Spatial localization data
########

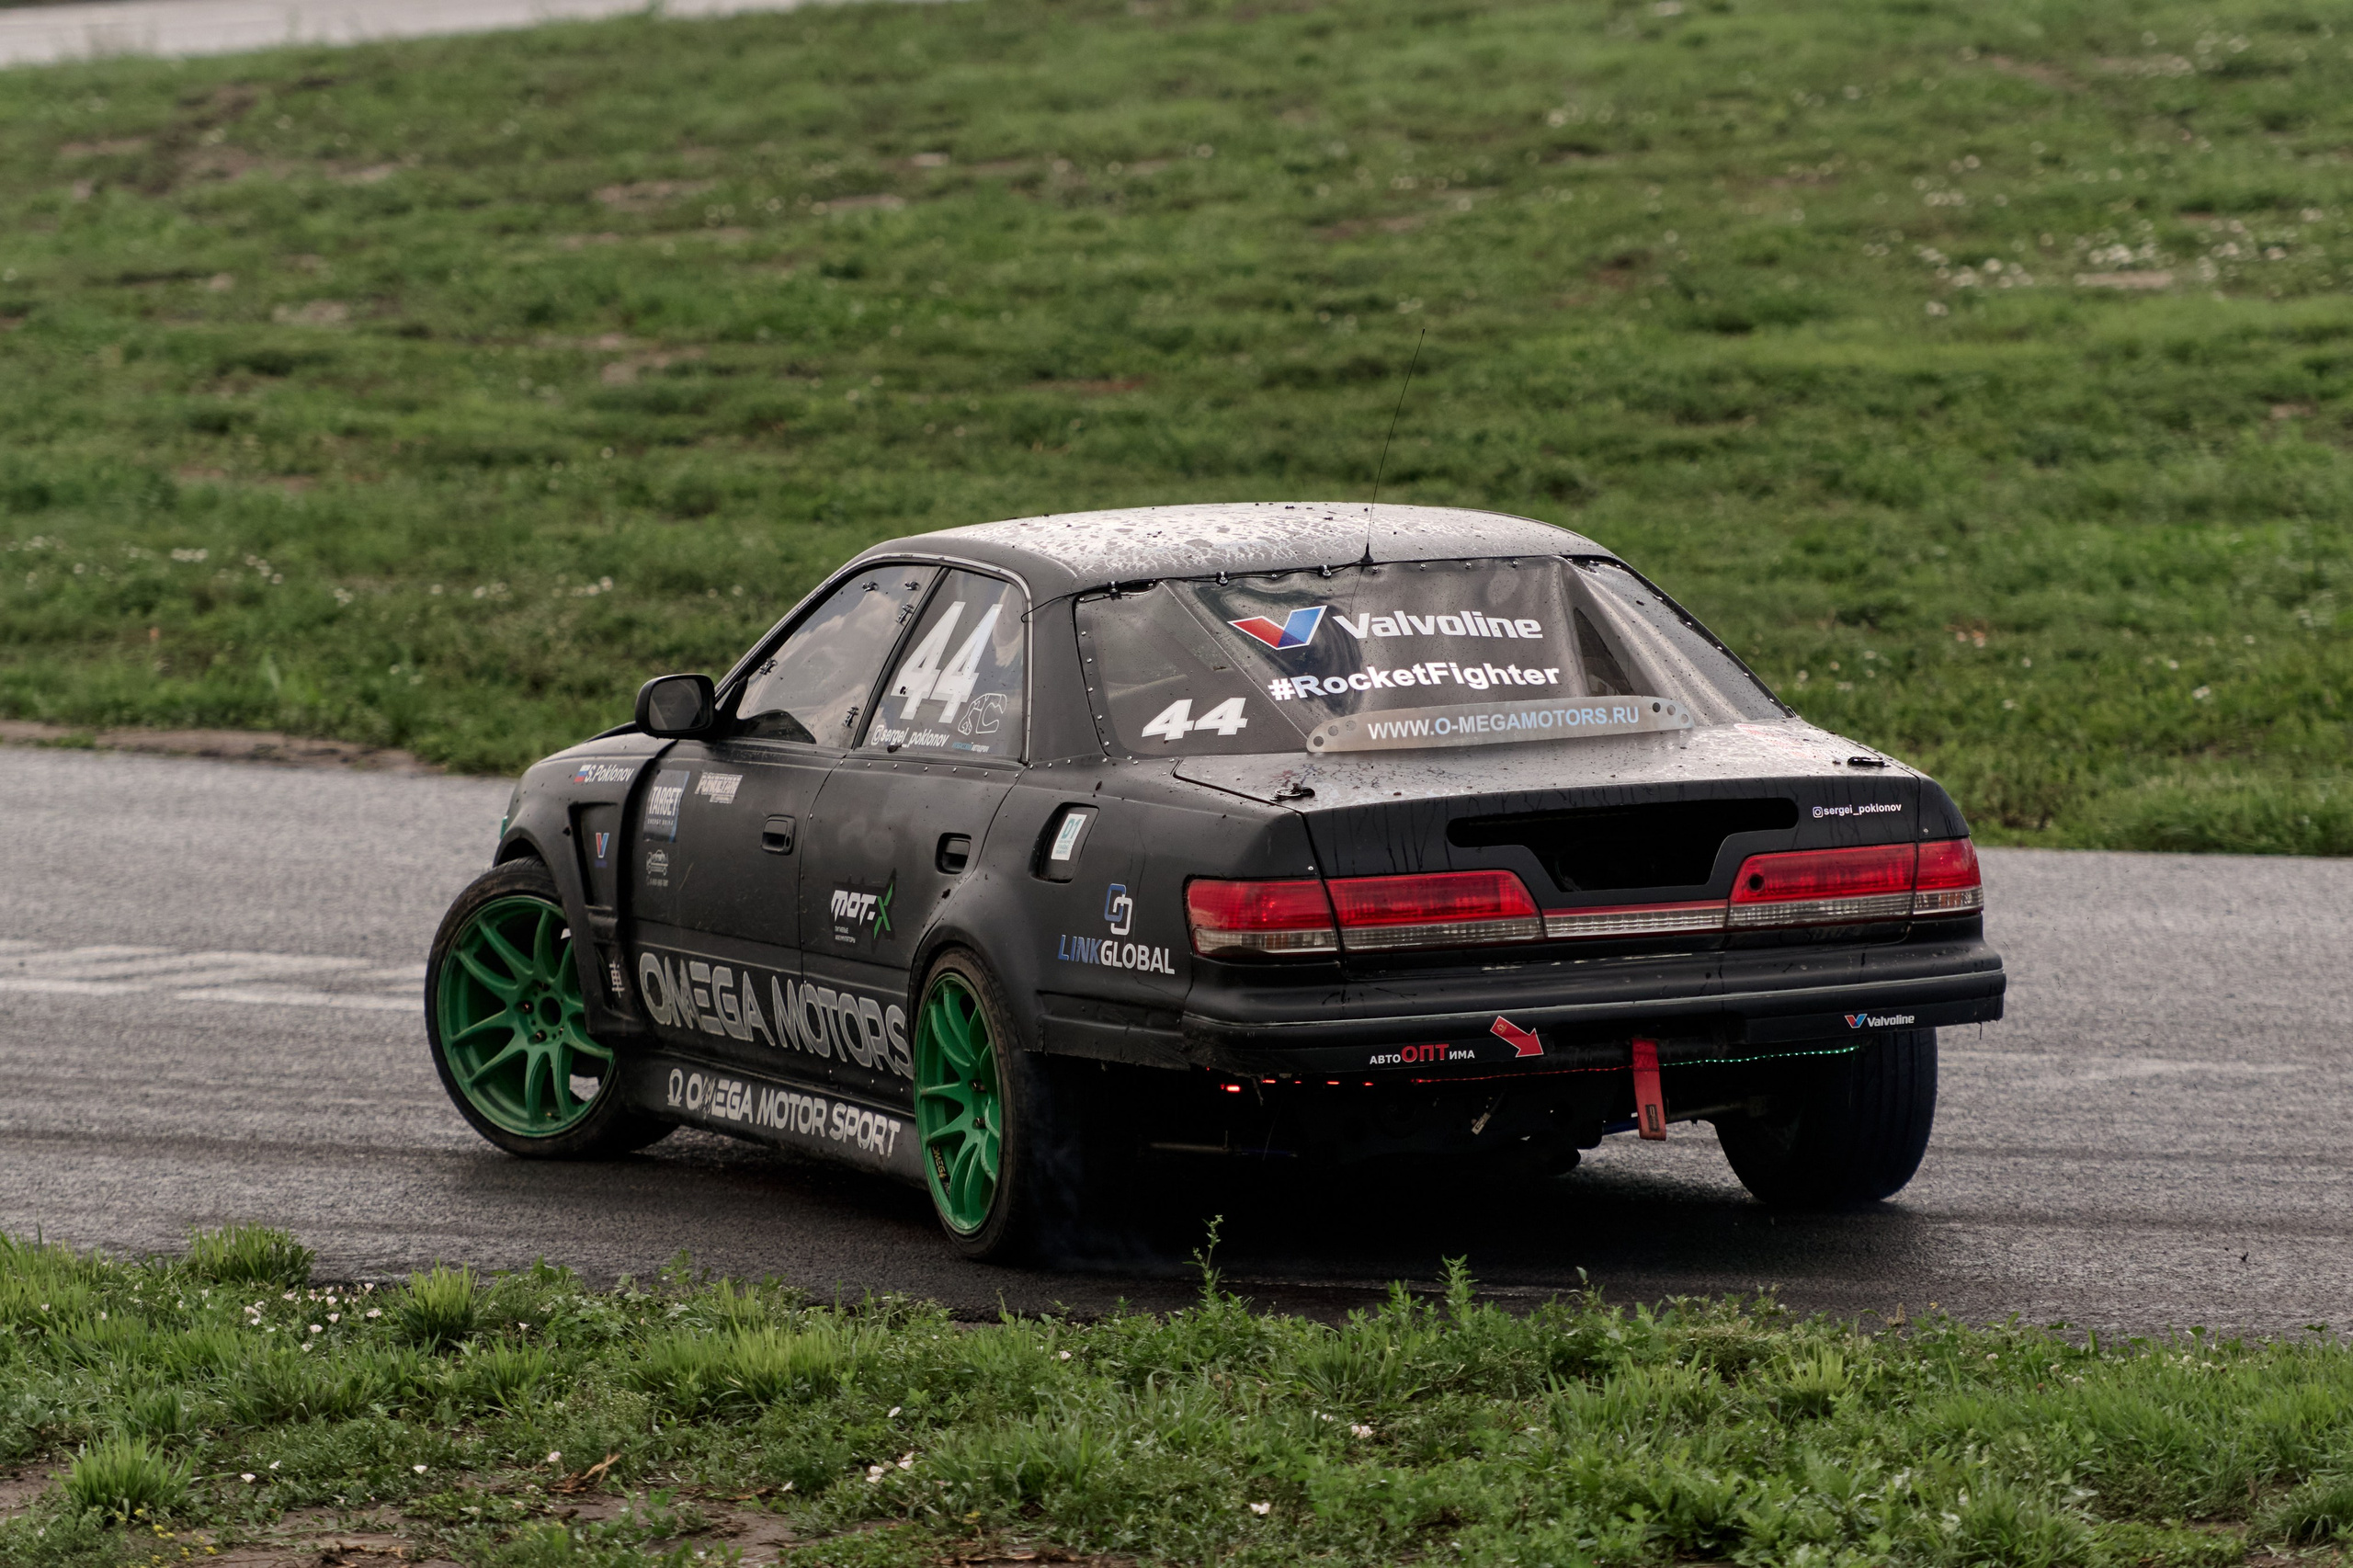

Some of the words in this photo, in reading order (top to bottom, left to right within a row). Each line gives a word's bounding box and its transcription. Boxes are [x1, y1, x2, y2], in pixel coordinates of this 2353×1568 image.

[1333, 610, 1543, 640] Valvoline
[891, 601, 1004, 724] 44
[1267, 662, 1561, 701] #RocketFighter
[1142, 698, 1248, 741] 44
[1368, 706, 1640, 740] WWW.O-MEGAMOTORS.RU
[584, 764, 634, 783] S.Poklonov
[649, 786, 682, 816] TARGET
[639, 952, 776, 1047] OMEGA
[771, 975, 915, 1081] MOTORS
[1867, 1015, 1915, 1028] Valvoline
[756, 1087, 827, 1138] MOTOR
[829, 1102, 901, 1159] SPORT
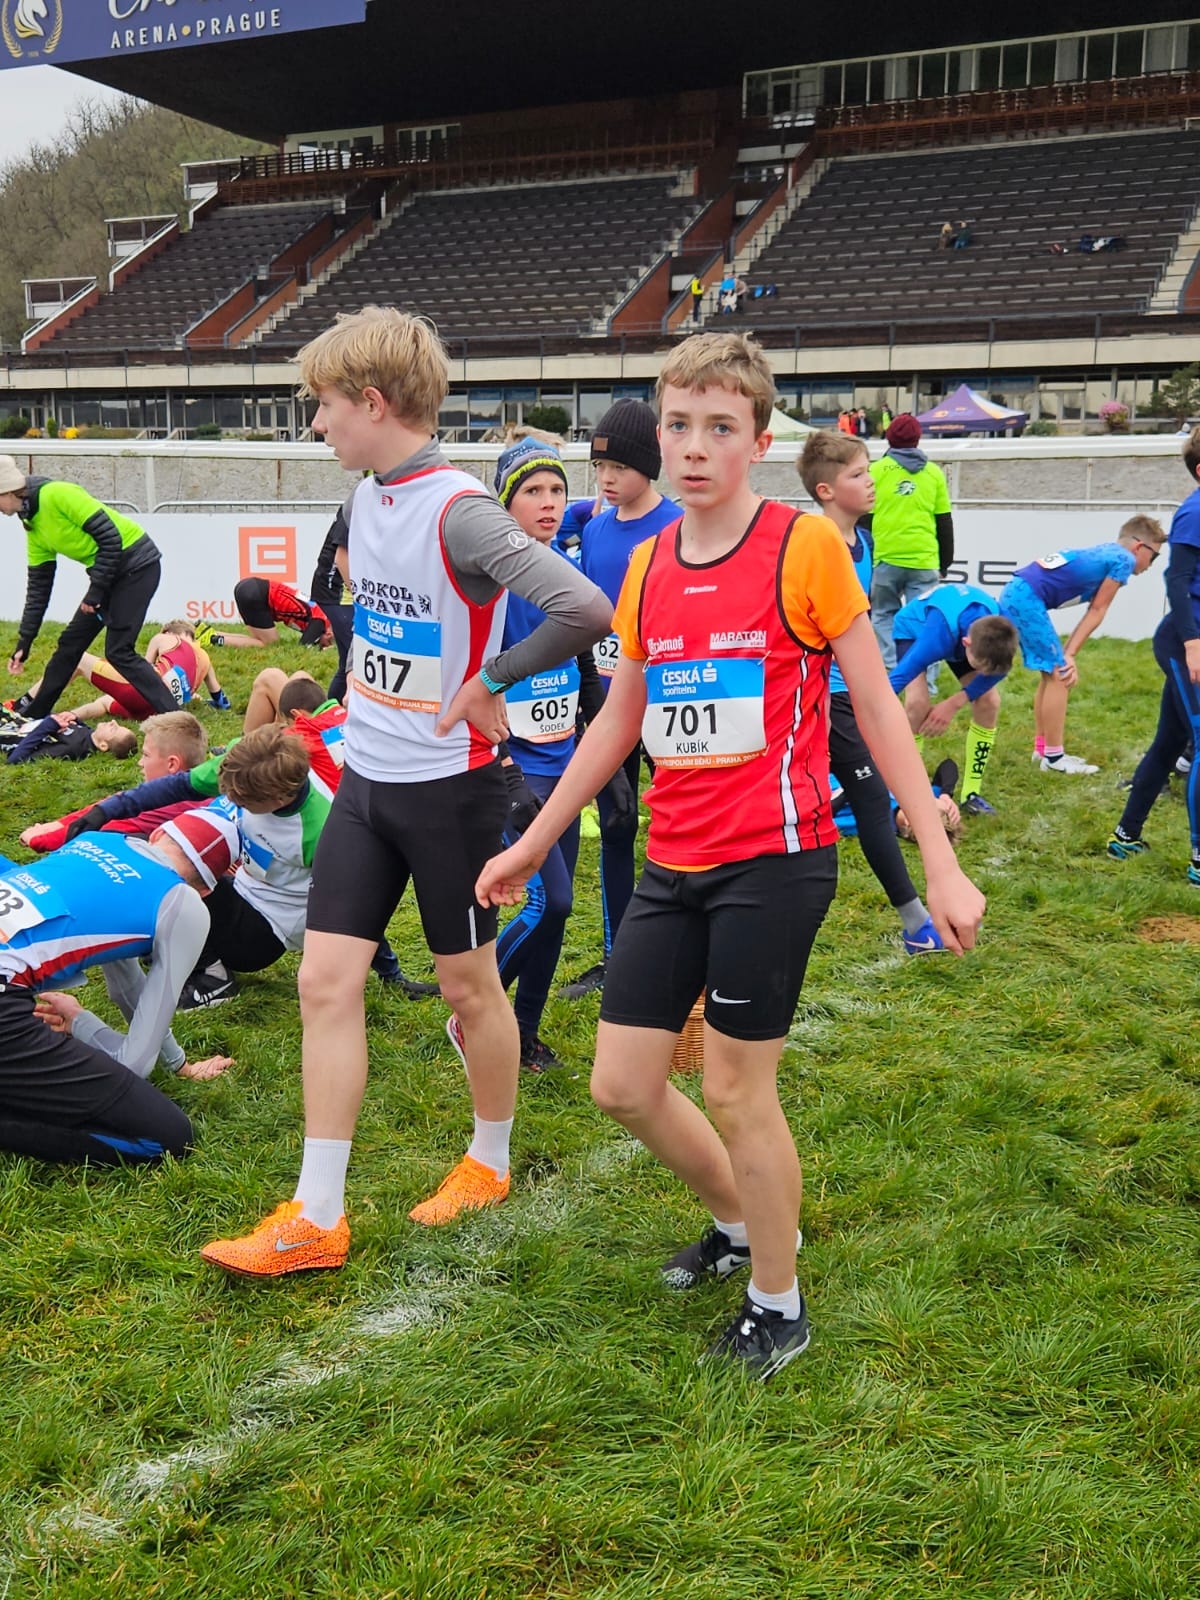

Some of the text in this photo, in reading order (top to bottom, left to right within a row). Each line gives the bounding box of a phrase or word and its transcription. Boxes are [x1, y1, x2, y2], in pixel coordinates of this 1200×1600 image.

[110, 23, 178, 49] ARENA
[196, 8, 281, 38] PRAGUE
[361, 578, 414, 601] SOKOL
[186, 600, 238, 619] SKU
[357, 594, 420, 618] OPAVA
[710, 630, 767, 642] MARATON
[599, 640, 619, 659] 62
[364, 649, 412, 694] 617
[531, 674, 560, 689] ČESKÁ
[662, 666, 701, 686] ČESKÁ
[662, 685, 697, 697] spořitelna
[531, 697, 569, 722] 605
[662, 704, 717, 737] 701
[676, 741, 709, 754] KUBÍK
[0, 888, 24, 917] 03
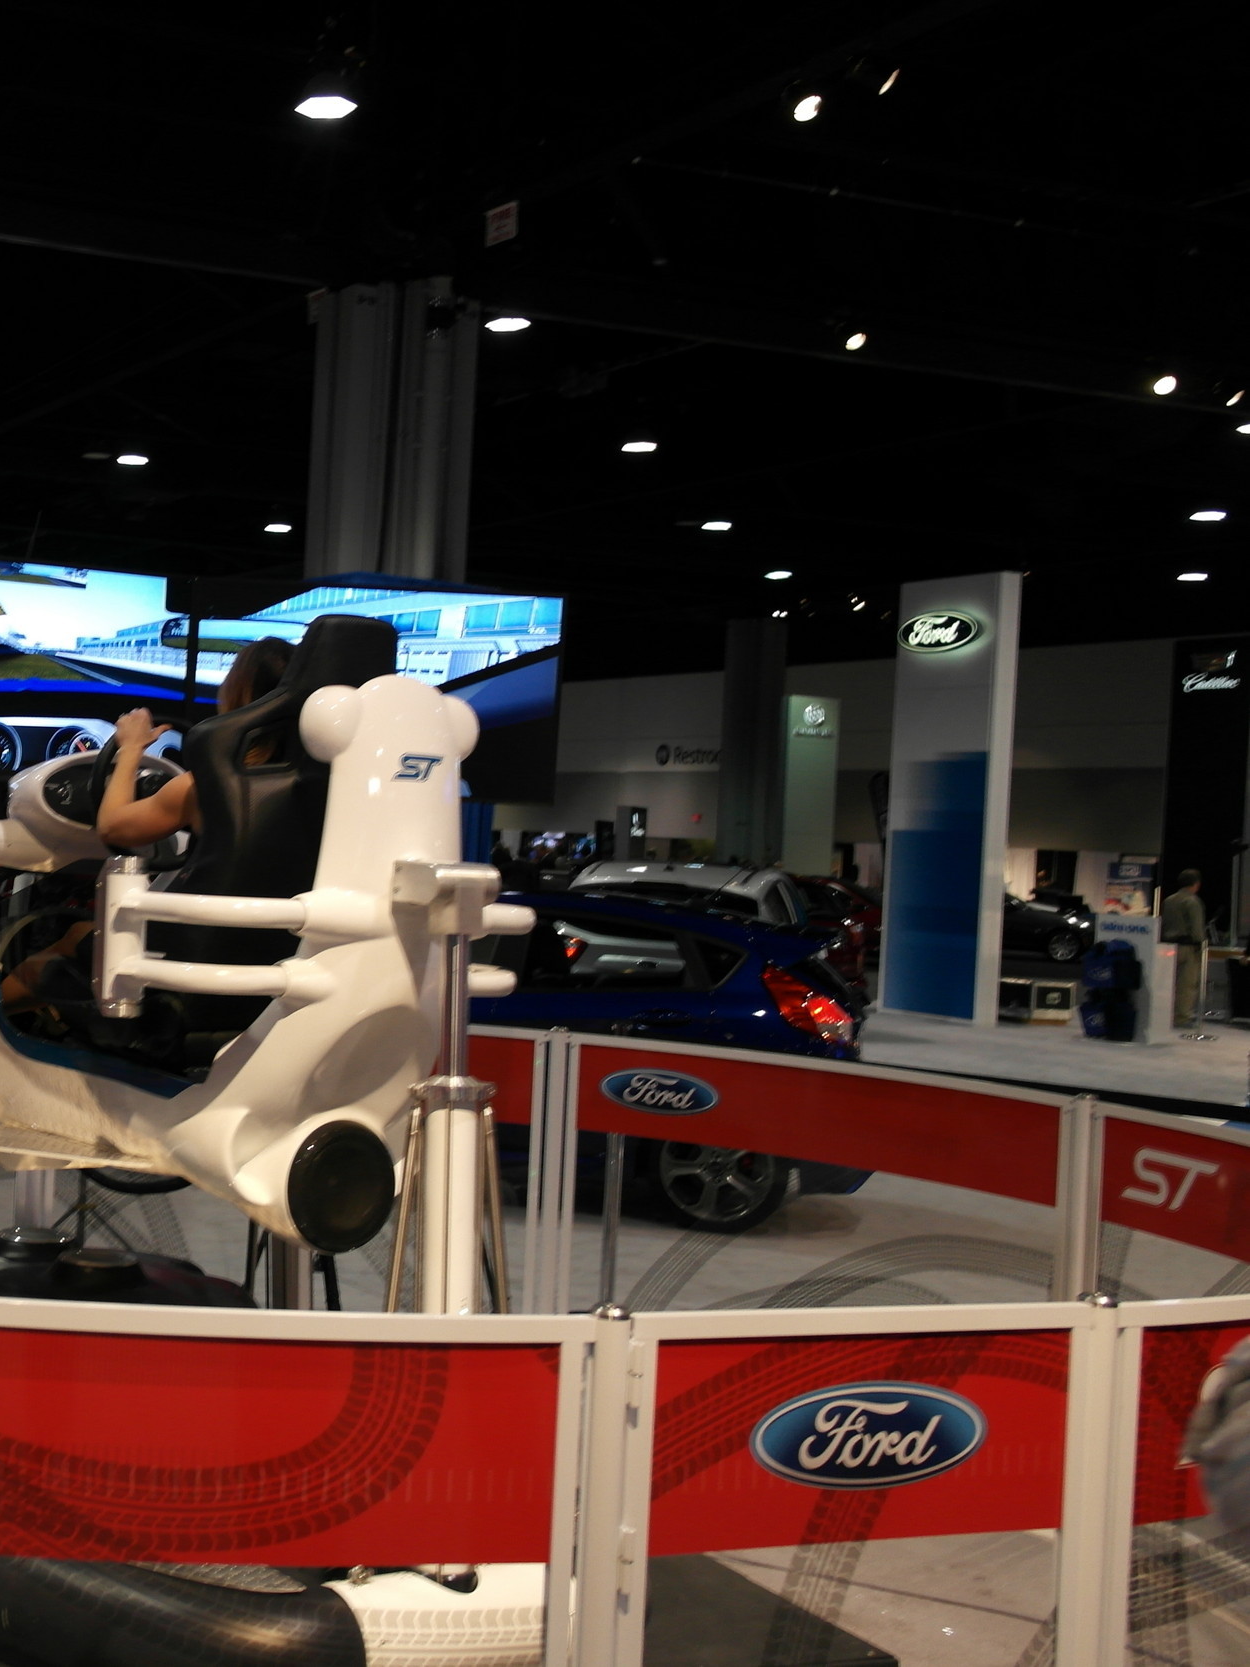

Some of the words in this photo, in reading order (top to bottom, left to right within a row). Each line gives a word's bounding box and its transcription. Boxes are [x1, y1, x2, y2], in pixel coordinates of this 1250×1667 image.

########

● **Exercise objective**
Write out every record above exactly, leaving no picture in the result.

● **Your solution**
Some of the words in this photo, in reading order (top to bottom, left to right within a row). Each line gives a word's bounding box and its transcription. Boxes are [x1, y1, x2, y2], in pixel coordinates of this 2353×1568 image.

[1333, 610, 1543, 640] Valvoline
[891, 601, 1004, 724] 44
[1267, 662, 1561, 701] #RocketFighter
[1142, 698, 1248, 741] 44
[1368, 706, 1640, 740] WWW.O-MEGAMOTORS.RU
[584, 764, 634, 783] S.Poklonov
[649, 786, 682, 816] TARGET
[639, 952, 776, 1047] OMEGA
[771, 975, 915, 1081] MOTORS
[1867, 1015, 1915, 1028] Valvoline
[756, 1087, 827, 1138] MOTOR
[829, 1102, 901, 1159] SPORT

Some of the text in this photo, in reading order (top to bottom, left to right within a row). Each line gives the bounding box of a phrase or word and its transcription. Boxes are [x1, y1, x2, y2], in pixel coordinates of this 1200×1600 image.

[110, 23, 178, 49] ARENA
[196, 8, 281, 38] PRAGUE
[361, 578, 414, 601] SOKOL
[186, 600, 238, 619] SKU
[357, 594, 420, 618] OPAVA
[710, 630, 767, 642] MARATON
[599, 640, 619, 659] 62
[364, 649, 412, 694] 617
[531, 674, 560, 689] ČESKÁ
[662, 666, 701, 686] ČESKÁ
[662, 685, 697, 697] spořitelna
[531, 697, 569, 722] 605
[662, 704, 717, 737] 701
[676, 741, 709, 754] KUBÍK
[0, 888, 24, 917] 03

Some of the words in this photo, in reading order (top to bottom, left to right within a row). Each line gives a word's bounding box and its transcription. Boxes are [x1, y1, x2, y2], in pixel coordinates of this 1250×1667 image.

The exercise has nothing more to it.